[Data extracted from a collection]
◆ ◆ ◆
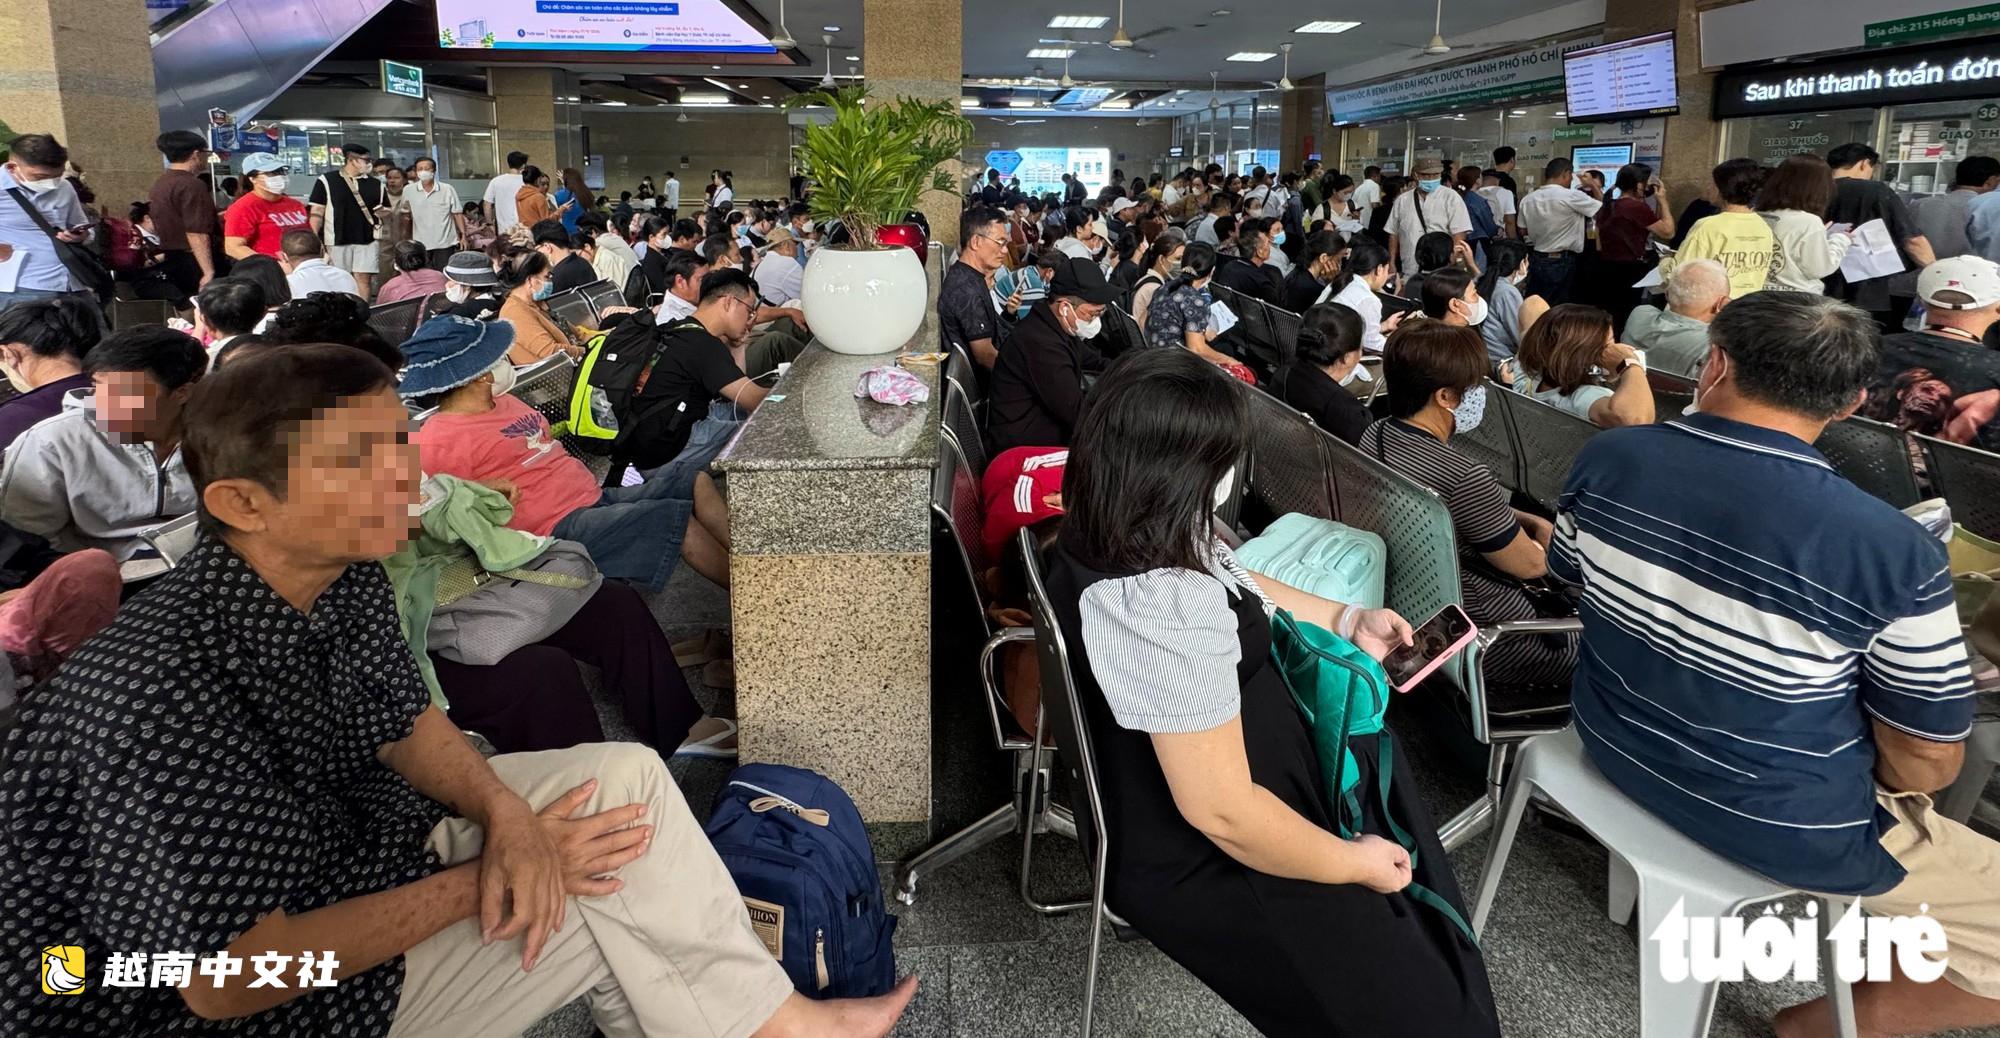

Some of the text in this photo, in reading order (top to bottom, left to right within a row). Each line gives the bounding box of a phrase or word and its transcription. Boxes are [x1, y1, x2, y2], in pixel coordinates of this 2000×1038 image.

[1868, 28, 1886, 38] Địa
[1909, 20, 1930, 32] 215
[1404, 79, 1417, 90] ĐẠI
[1417, 75, 1434, 88] HỌC
[1434, 73, 1440, 83] Y
[1440, 69, 1464, 82] DƯỢC
[1465, 62, 1497, 77] THÀNH
[1499, 56, 1520, 71] PHỐ
[1540, 46, 1559, 62] CHÍ
[1745, 56, 2000, 101] Sau khi thanh toán đơn
[1978, 107, 1999, 119] 38
[1788, 120, 1804, 130] 37
[1762, 132, 1829, 147] GIAO THUỐC
[1938, 129, 1975, 140] GIAO
◆ ◆ ◆
[Exercise prompt]
Leaving the pictures out, set down all of the data again exactly.

[Output]
Some of the text in this photo, in reading order (top to bottom, left to right within a row). Each line gives the bounding box of a phrase or word and its transcription. Boxes are [x1, y1, x2, y2], in pixel coordinates of this 2000×1038 image.

[1868, 28, 1886, 38] Địa
[1909, 20, 1930, 32] 215
[1404, 79, 1417, 90] ĐẠI
[1417, 75, 1434, 88] HỌC
[1434, 73, 1440, 83] Y
[1440, 69, 1464, 82] DƯỢC
[1465, 62, 1497, 77] THÀNH
[1499, 56, 1520, 71] PHỐ
[1540, 46, 1559, 62] CHÍ
[1745, 56, 2000, 101] Sau khi thanh toán đơn
[1978, 107, 1999, 119] 38
[1788, 120, 1804, 130] 37
[1762, 132, 1829, 147] GIAO THUỐC
[1938, 129, 1975, 140] GIAO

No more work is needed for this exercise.